## PROBLEM TO WORK ON
Repeat every record word for word and omit the images.

## RECORDS

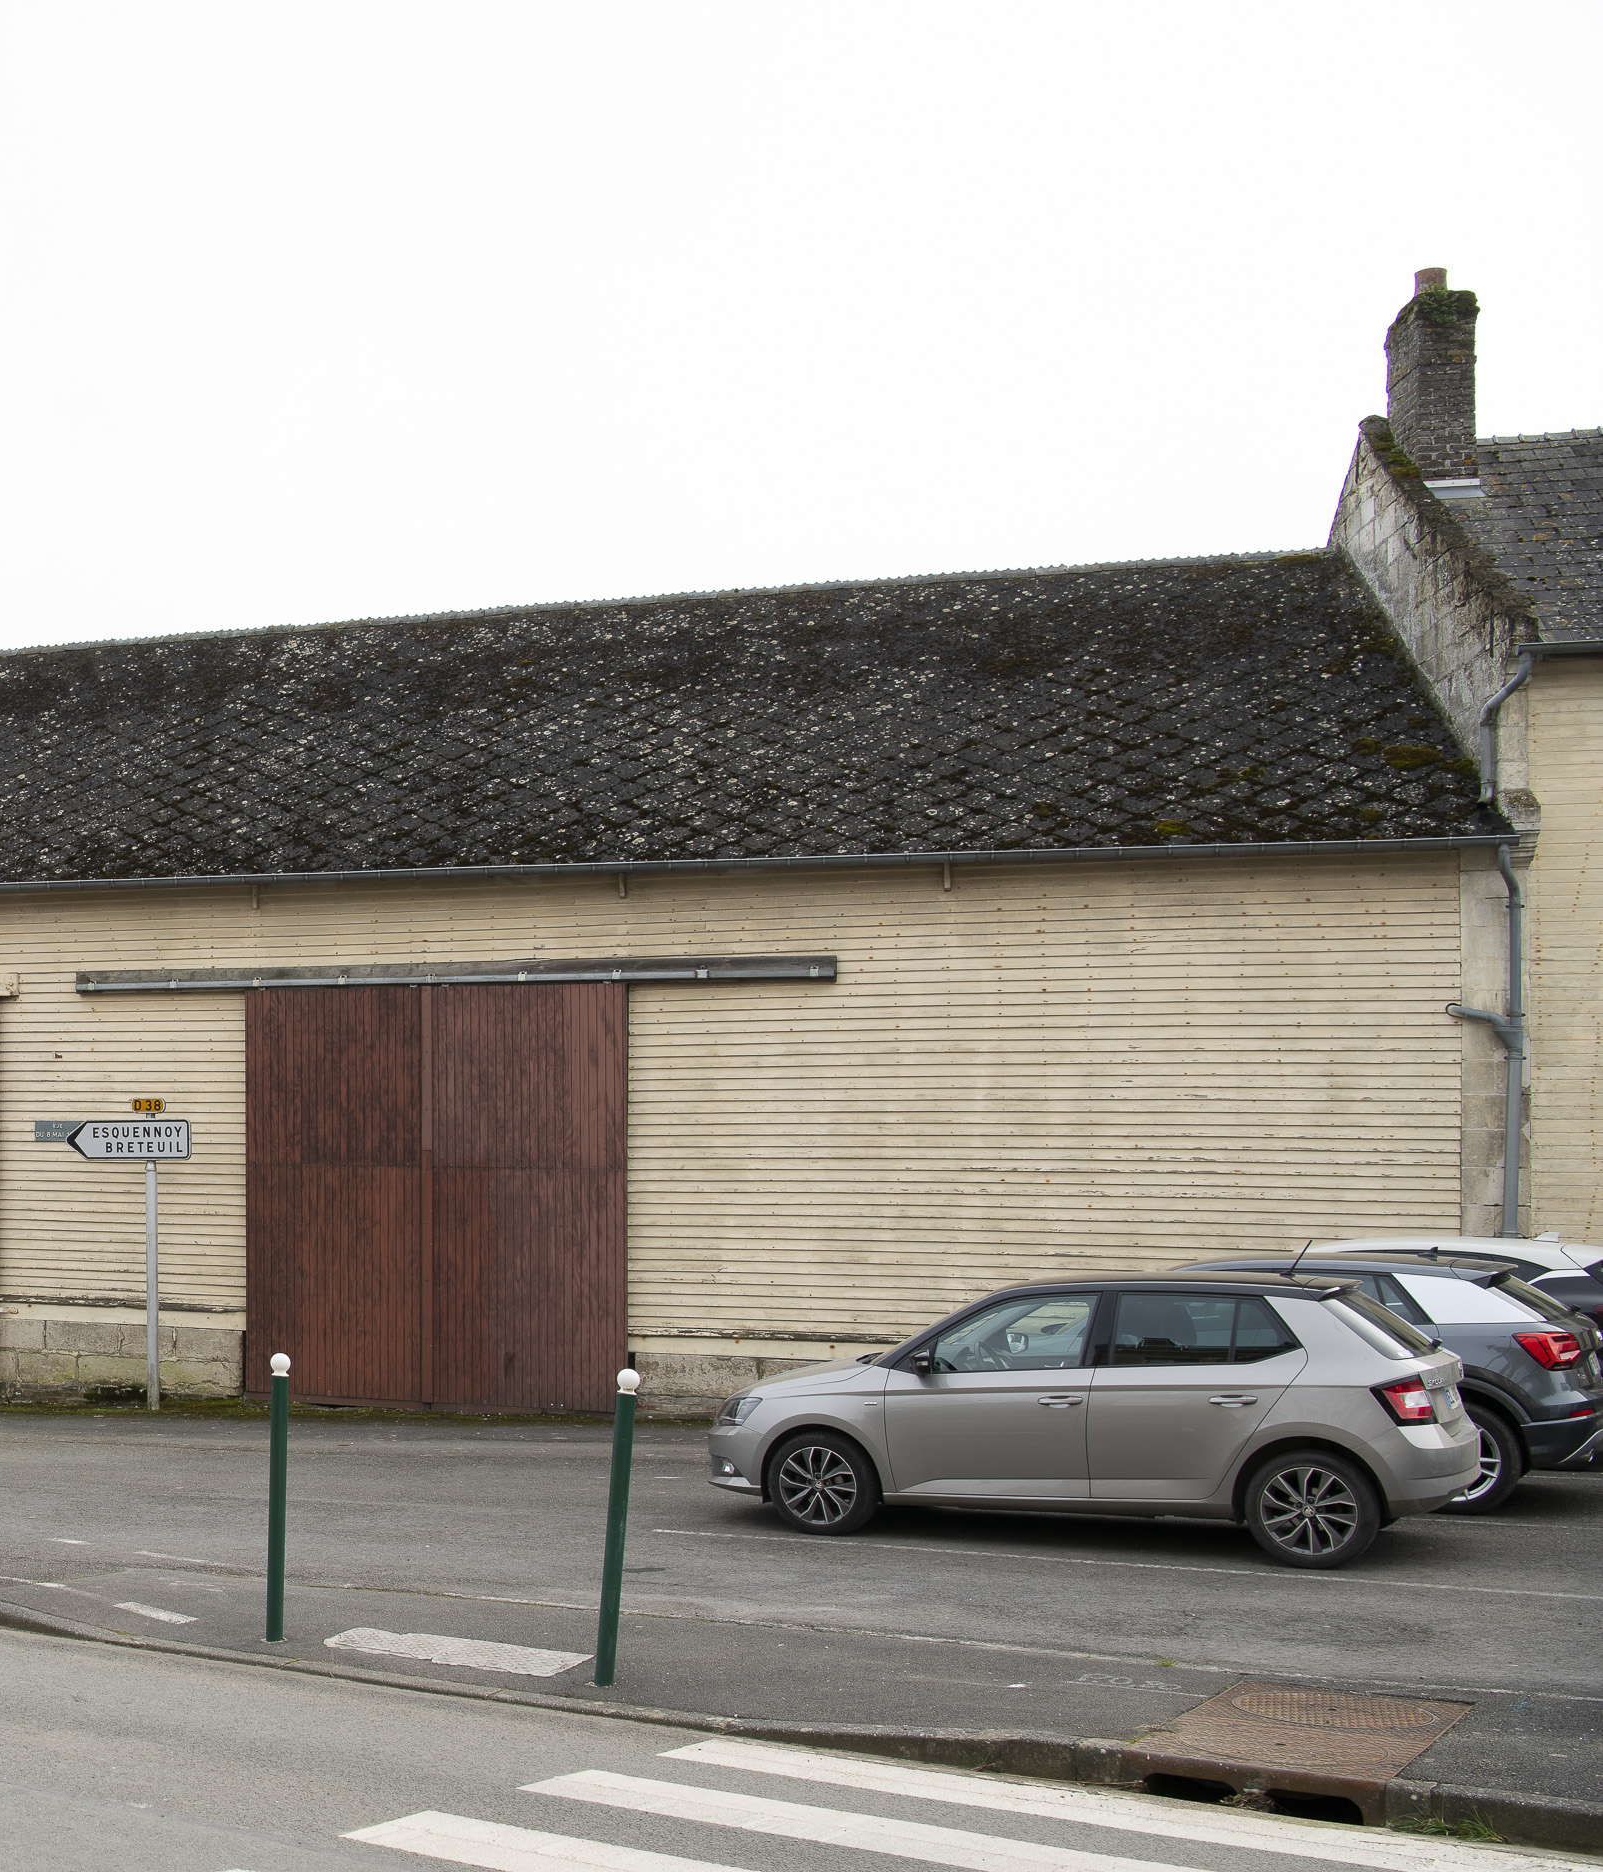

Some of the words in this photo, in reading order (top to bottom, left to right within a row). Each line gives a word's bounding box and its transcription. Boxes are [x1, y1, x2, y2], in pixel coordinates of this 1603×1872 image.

[134, 1099, 142, 1111] D
[145, 1099, 161, 1111] 38
[92, 1126, 182, 1139] ESQUENNOY
[105, 1141, 183, 1153] BRETEUIL
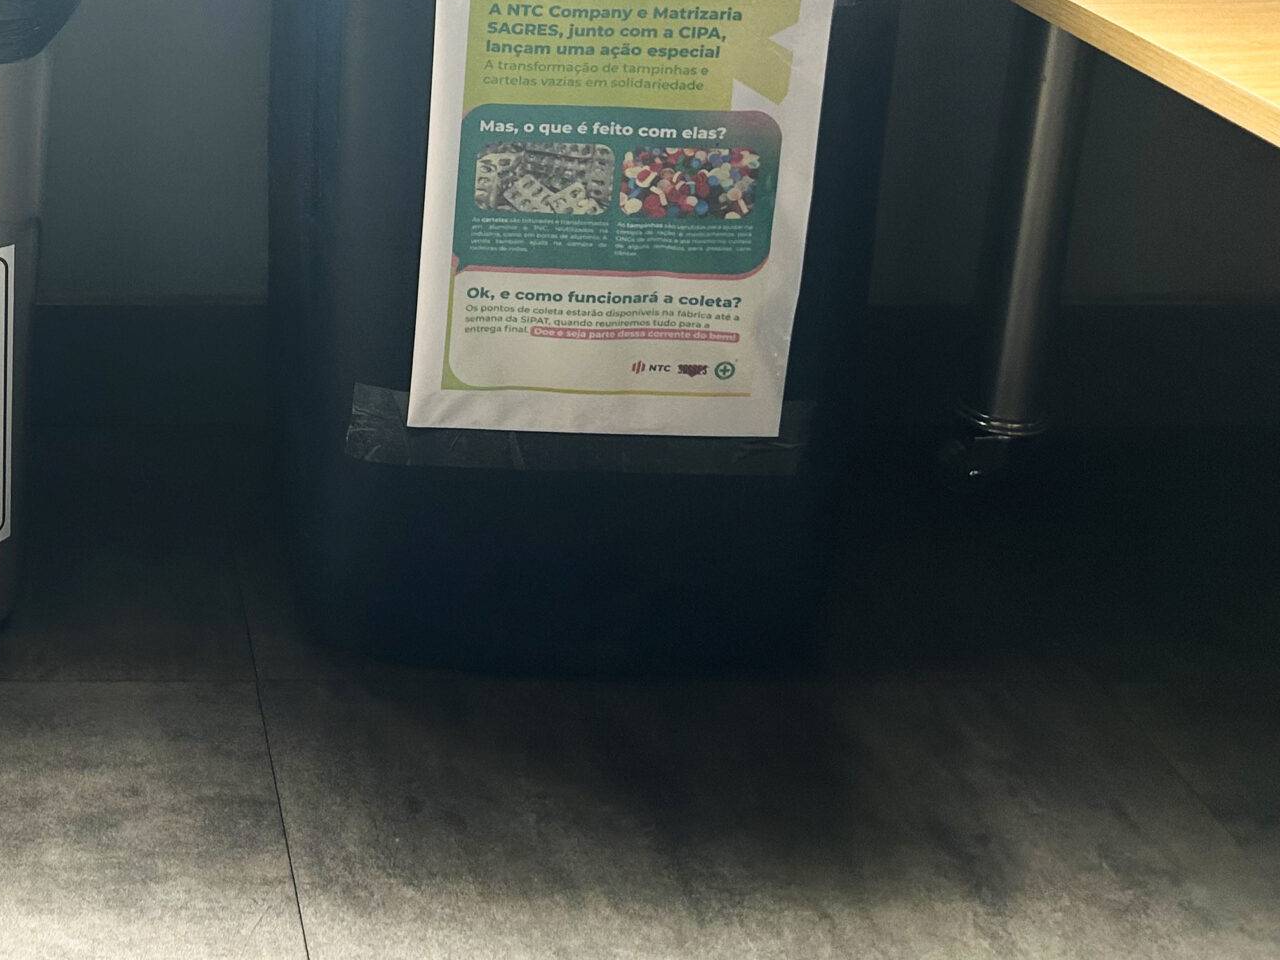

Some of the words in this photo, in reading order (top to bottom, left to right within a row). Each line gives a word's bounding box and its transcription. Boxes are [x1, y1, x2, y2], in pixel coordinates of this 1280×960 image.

[488, 3, 501, 15] A
[507, 3, 544, 17] NTC
[548, 5, 633, 20] Company
[637, 8, 648, 18] e
[653, 6, 743, 21] Matrizaria
[487, 21, 563, 38] SAGRES,
[566, 23, 615, 39] junto
[620, 27, 658, 38] com
[663, 28, 674, 38] a
[679, 26, 726, 42] CIPA,
[486, 39, 551, 57] lançam
[556, 45, 595, 55] uma
[600, 43, 642, 59] ação
[647, 44, 721, 60] especial
[484, 60, 494, 70] A
[498, 61, 599, 75] transformação
[602, 63, 619, 73] de
[623, 64, 697, 76] tampinhas
[701, 67, 709, 75] e
[482, 76, 536, 86] cartelas
[540, 77, 580, 87] vazias
[585, 79, 608, 87] em
[610, 78, 704, 90] solidariedade
[479, 120, 519, 135] Mas,
[523, 123, 534, 133] o
[539, 122, 573, 136] que
[577, 120, 588, 134] é
[592, 122, 633, 136] feito
[638, 126, 677, 138] com
[681, 126, 727, 140] elas?
[466, 287, 495, 301] Ok,
[500, 290, 510, 299] e
[515, 291, 563, 302] como
[568, 291, 659, 304] funcionará
[663, 294, 673, 304] a
[678, 295, 742, 308] coleta?
[465, 304, 478, 312] Os
[481, 305, 515, 314] pontos
[517, 305, 530, 313] de
[532, 307, 563, 315] coleta
[566, 308, 603, 317] estarão
[605, 308, 659, 318] disponíveis
[662, 309, 674, 317] na
[677, 309, 712, 319] fábrica
[714, 312, 731, 321] até
[465, 315, 503, 323] semana
[505, 314, 517, 323] da
[553, 318, 593, 327] quando
[595, 319, 651, 327] reuniremos
[653, 319, 677, 327] tudo
[678, 321, 701, 329] para
[464, 325, 501, 334] entrega
[566, 328, 587, 338] seja
[588, 330, 616, 339] parte
[617, 330, 646, 338] dessa
[648, 330, 691, 339] corrente
[693, 331, 707, 339] do
[649, 364, 671, 372] NTC
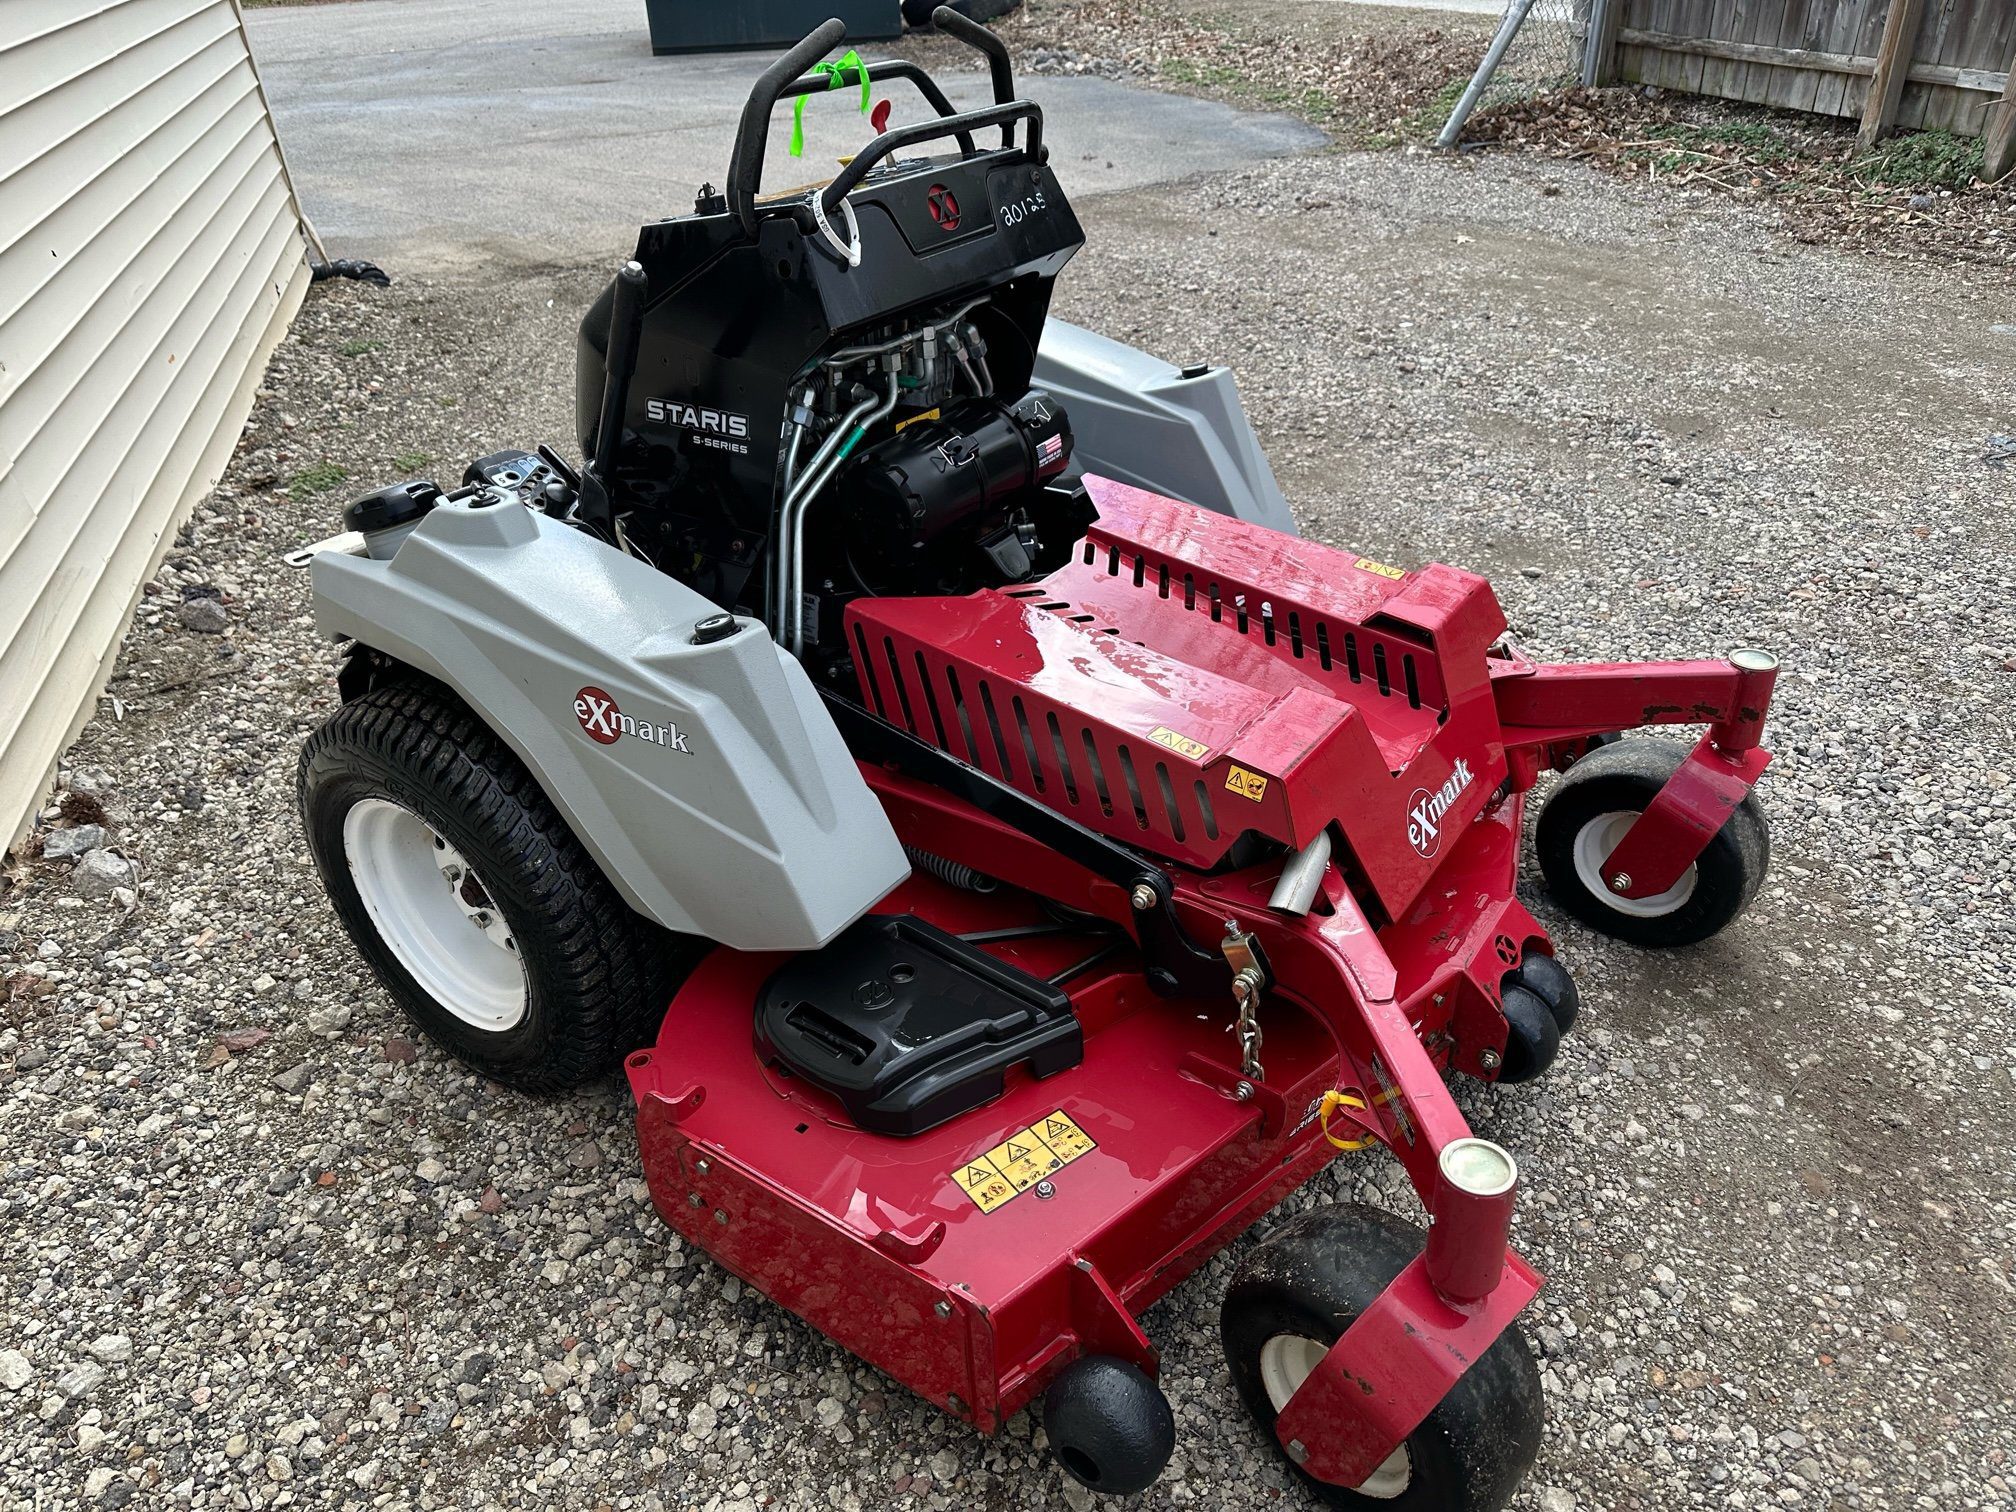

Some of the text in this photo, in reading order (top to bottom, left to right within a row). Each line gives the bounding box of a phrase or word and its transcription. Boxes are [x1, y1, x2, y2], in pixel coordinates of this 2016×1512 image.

## WRITTEN RESPONSE
Some of the words in this photo, in reading order (top to bottom, left to right within a row). Each line gives a word's bounding box and its transcription. Boxes are [x1, y1, x2, y2], in pixel coordinates of this 1603×1872 image.

[134, 1099, 142, 1111] D
[145, 1099, 161, 1111] 38
[92, 1126, 182, 1139] ESQUENNOY
[105, 1141, 183, 1153] BRETEUIL

Some of the words in this photo, in reading order (top to bottom, left to right within a row). Each line gives a word's bounding box and its transcription. Boxes are [x1, y1, x2, y2], in pixel coordinates of this 1280×960 image.

[488, 3, 501, 15] A
[507, 3, 544, 17] NTC
[548, 5, 633, 20] Company
[637, 8, 648, 18] e
[653, 6, 743, 21] Matrizaria
[487, 21, 563, 38] SAGRES,
[566, 23, 615, 39] junto
[620, 27, 658, 38] com
[663, 28, 674, 38] a
[679, 26, 726, 42] CIPA,
[486, 39, 551, 57] lançam
[556, 45, 595, 55] uma
[600, 43, 642, 59] ação
[647, 44, 721, 60] especial
[484, 60, 494, 70] A
[498, 61, 599, 75] transformação
[602, 63, 619, 73] de
[623, 64, 697, 76] tampinhas
[701, 67, 709, 75] e
[482, 76, 536, 86] cartelas
[540, 77, 580, 87] vazias
[585, 79, 608, 87] em
[610, 78, 704, 90] solidariedade
[479, 120, 519, 135] Mas,
[523, 123, 534, 133] o
[539, 122, 573, 136] que
[577, 120, 588, 134] é
[592, 122, 633, 136] feito
[638, 126, 677, 138] com
[681, 126, 727, 140] elas?
[466, 287, 495, 301] Ok,
[500, 290, 510, 299] e
[515, 291, 563, 302] como
[568, 291, 659, 304] funcionará
[663, 294, 673, 304] a
[678, 295, 742, 308] coleta?
[465, 304, 478, 312] Os
[481, 305, 515, 314] pontos
[517, 305, 530, 313] de
[532, 307, 563, 315] coleta
[566, 308, 603, 317] estarão
[605, 308, 659, 318] disponíveis
[662, 309, 674, 317] na
[677, 309, 712, 319] fábrica
[714, 312, 731, 321] até
[465, 315, 503, 323] semana
[505, 314, 517, 323] da
[553, 318, 593, 327] quando
[595, 319, 651, 327] reuniremos
[653, 319, 677, 327] tudo
[678, 321, 701, 329] para
[464, 325, 501, 334] entrega
[566, 328, 587, 338] seja
[588, 330, 616, 339] parte
[617, 330, 646, 338] dessa
[648, 330, 691, 339] corrente
[693, 331, 707, 339] do
[649, 364, 671, 372] NTC

Some of the text in this photo, in reading order (top to bottom, left to right within a row). Each line gives the bounding box of a phrase or word and its transcription. Boxes are [x1, y1, x2, y2], in pixel coordinates of this 2016×1512 image.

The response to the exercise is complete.